- **REQUIREMENT**
Give back every line of the data exactly. Pictures are not part of the copy.

[[ DATA EXTRACT, beginning ]]

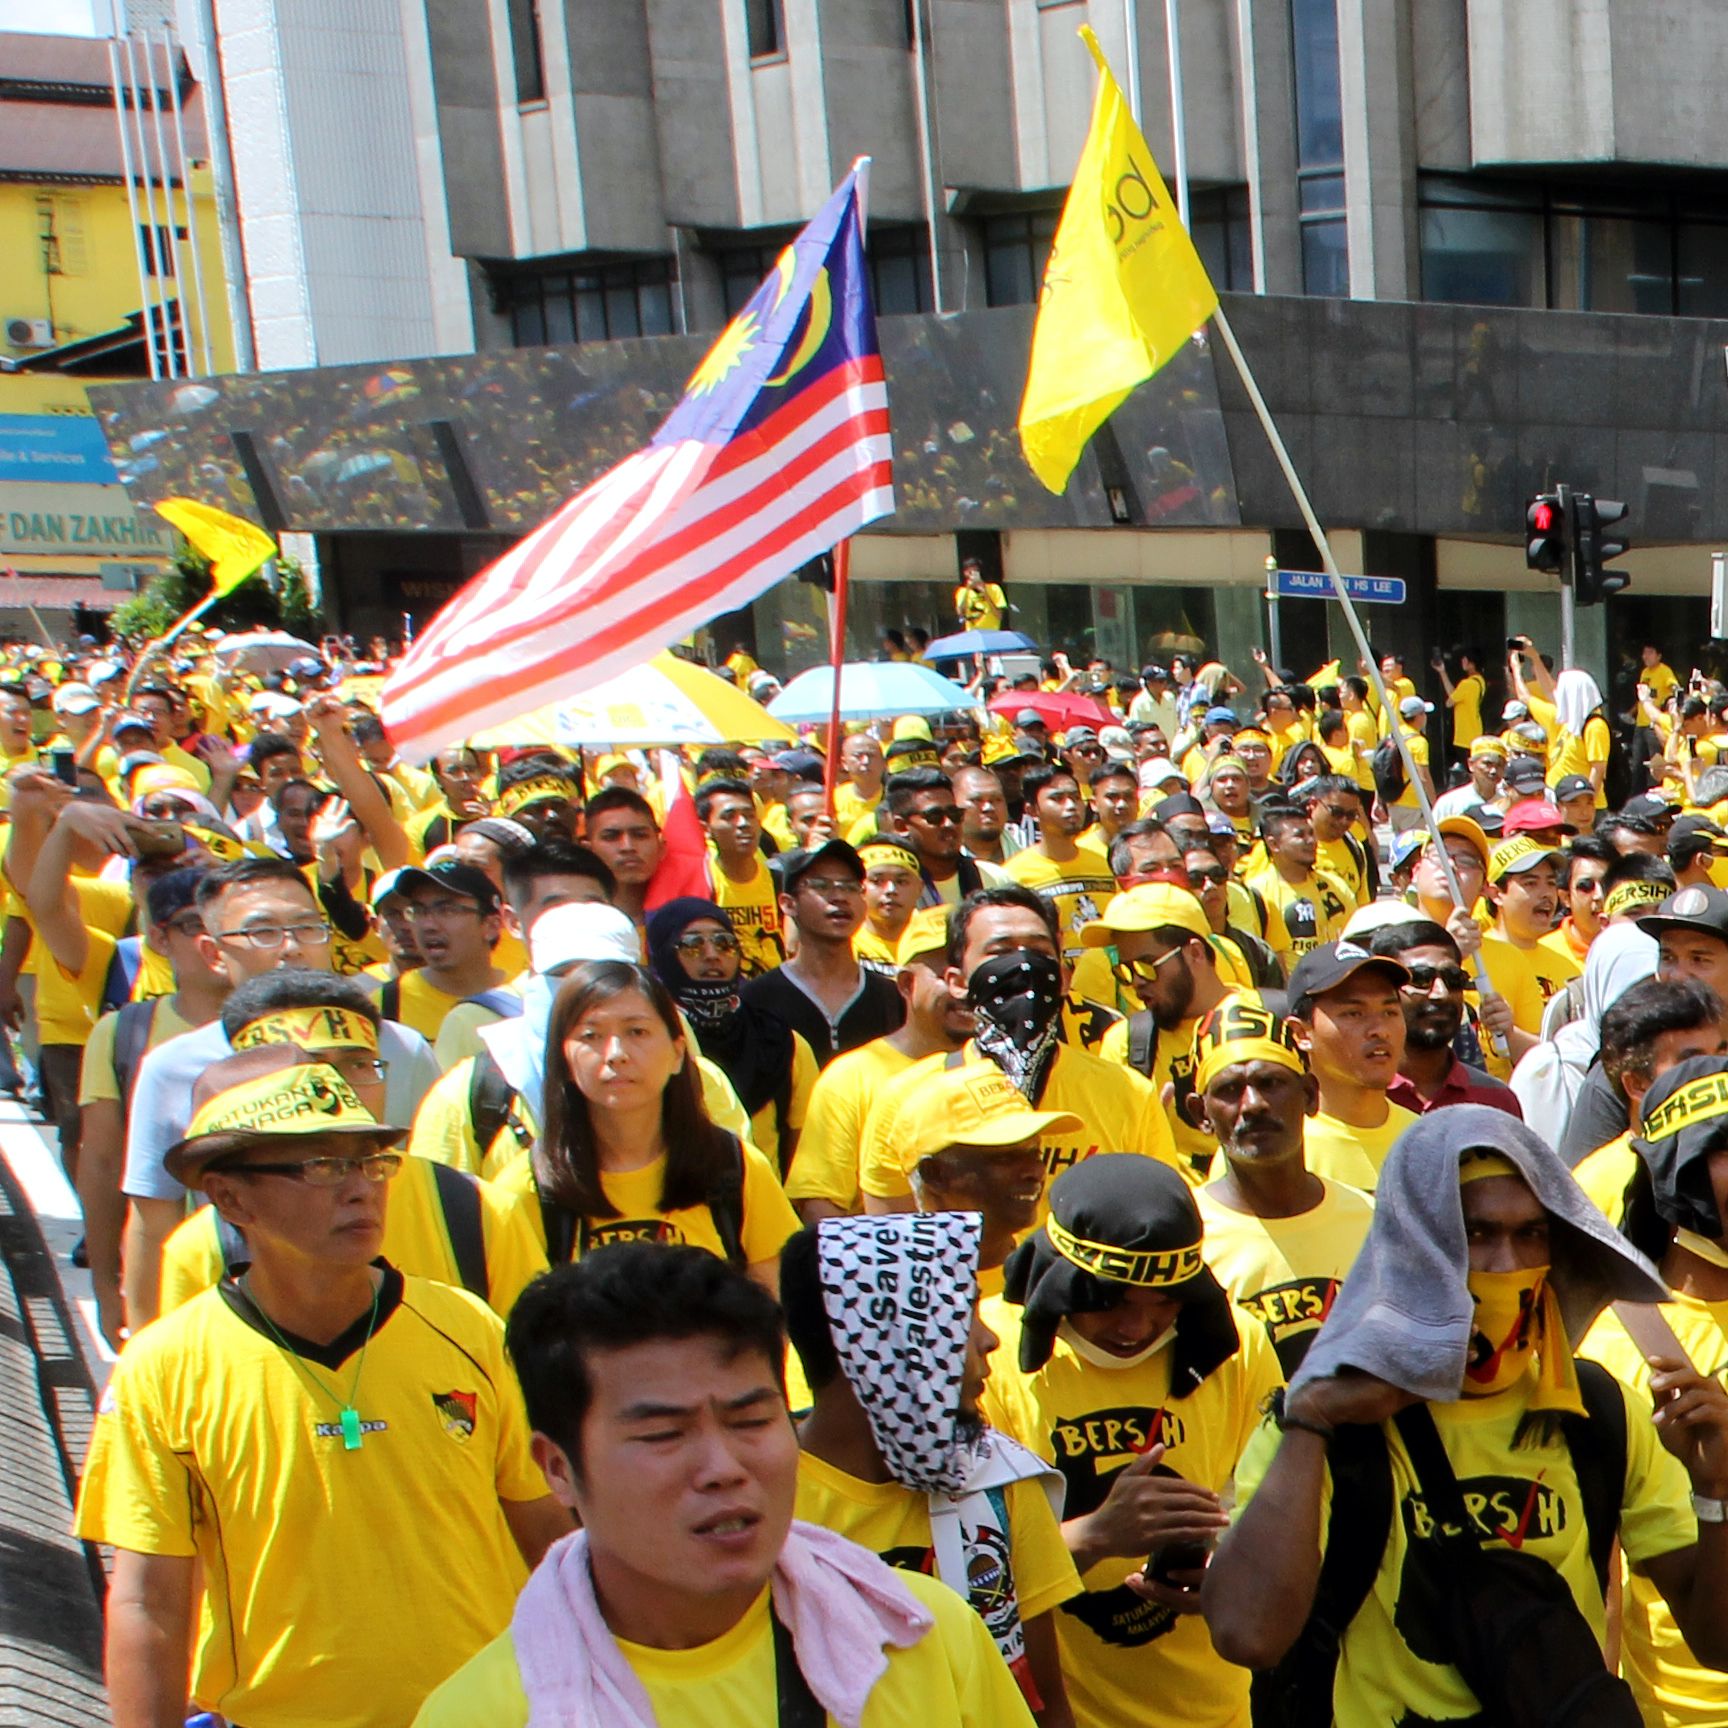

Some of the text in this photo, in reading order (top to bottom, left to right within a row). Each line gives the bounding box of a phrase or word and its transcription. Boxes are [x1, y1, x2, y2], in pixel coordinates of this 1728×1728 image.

[9, 511, 65, 543] DAN
[1289, 576, 1323, 588] JALAN
[1373, 582, 1393, 594] LEE
[868, 1226, 902, 1326] save
[903, 1210, 937, 1379] palestine
[317, 1420, 387, 1437] Kapa
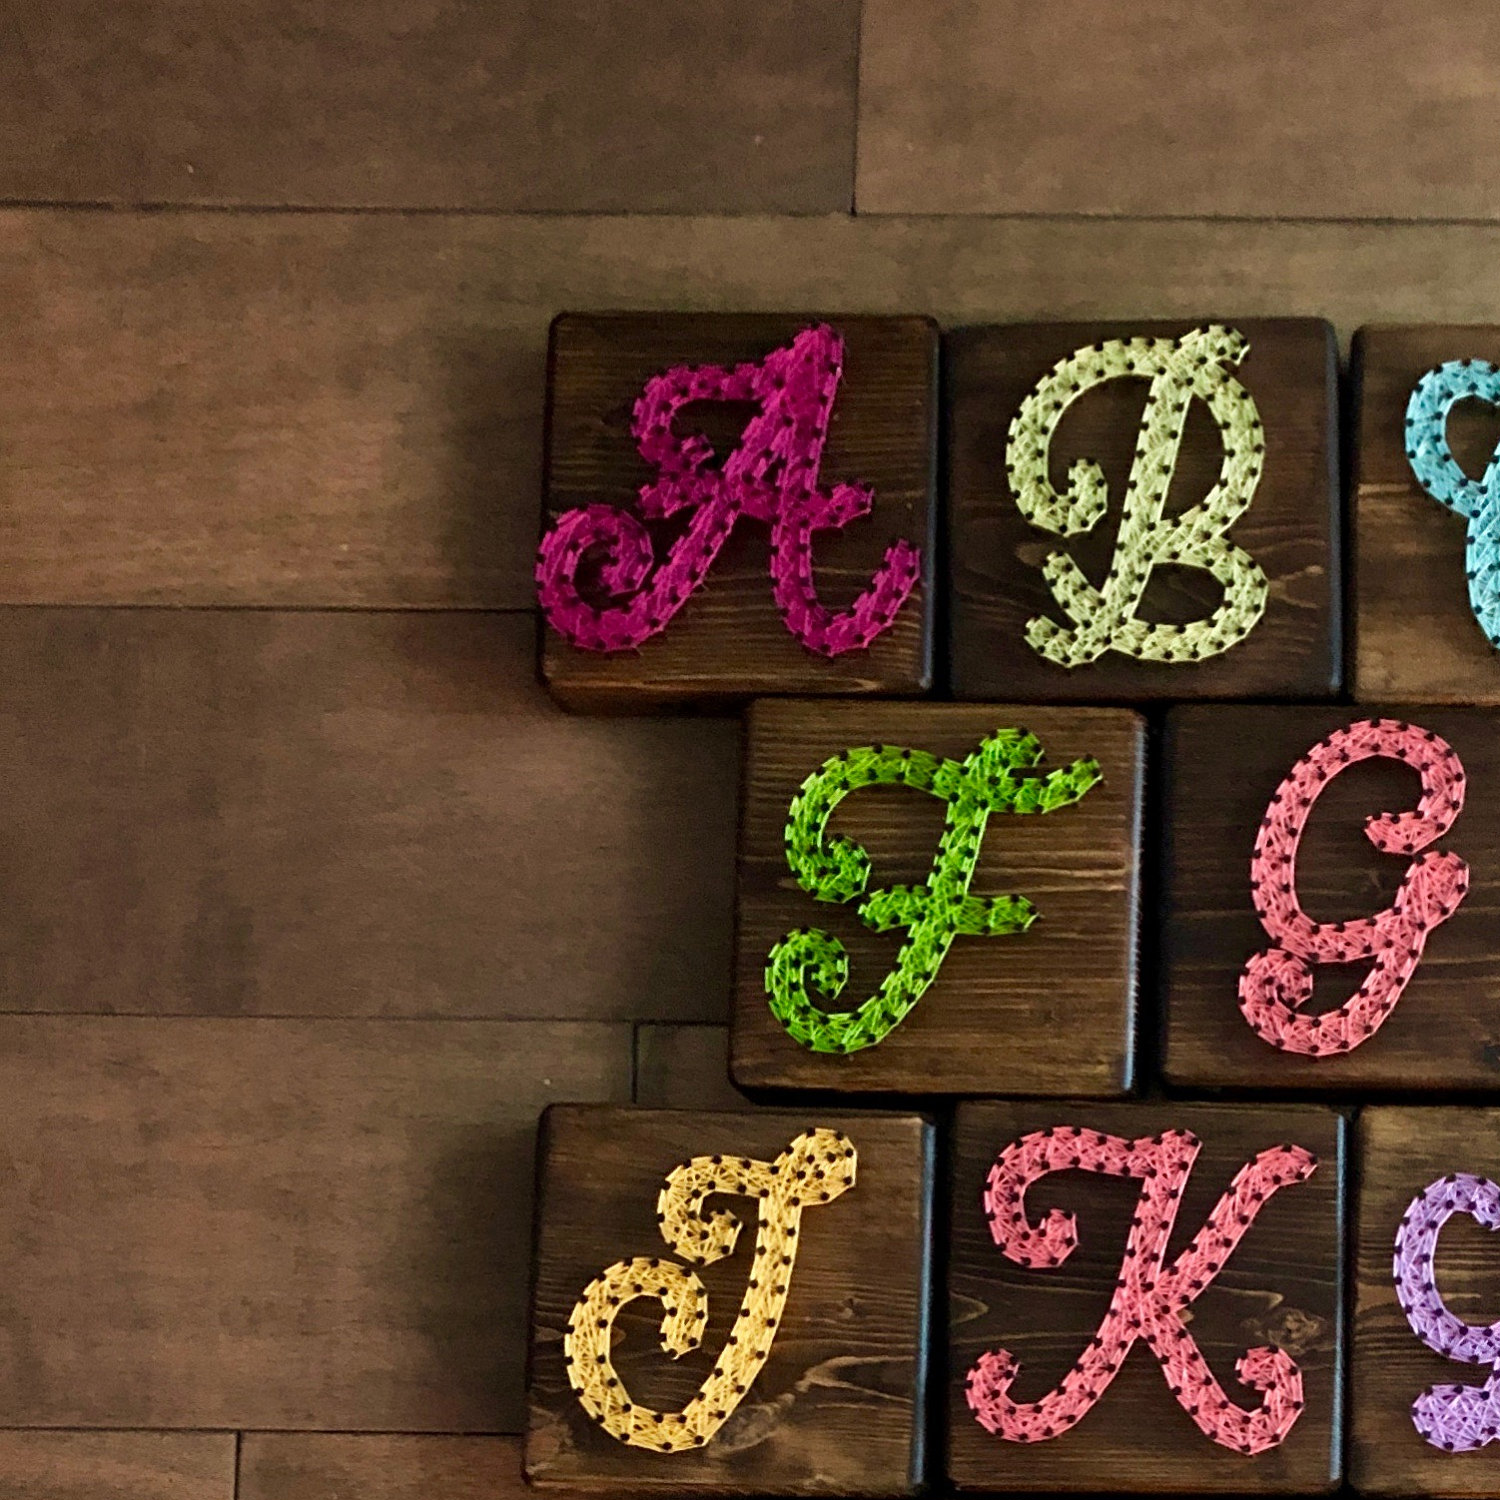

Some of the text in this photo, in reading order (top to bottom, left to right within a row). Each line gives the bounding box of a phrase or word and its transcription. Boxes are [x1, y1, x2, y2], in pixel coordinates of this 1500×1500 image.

[[ DATA EXTRACT, end ]]

- **ANSWER**
Some of the text in this photo, in reading order (top to bottom, left to right within a row). Each line gives the bounding box of a phrase or word and its transcription. Boxes are [x1, y1, x2, y2], in pixel coordinates of this 1728×1728 image.

[9, 511, 65, 543] DAN
[1289, 576, 1323, 588] JALAN
[1373, 582, 1393, 594] LEE
[868, 1226, 902, 1326] save
[903, 1210, 937, 1379] palestine
[317, 1420, 387, 1437] Kapa

Some of the text in this photo, in reading order (top to bottom, left to right within a row). Each line gives the bounding box of a phrase or word and its transcription. Boxes are [x1, y1, x2, y2], in pixel coordinates of this 1500×1500 image.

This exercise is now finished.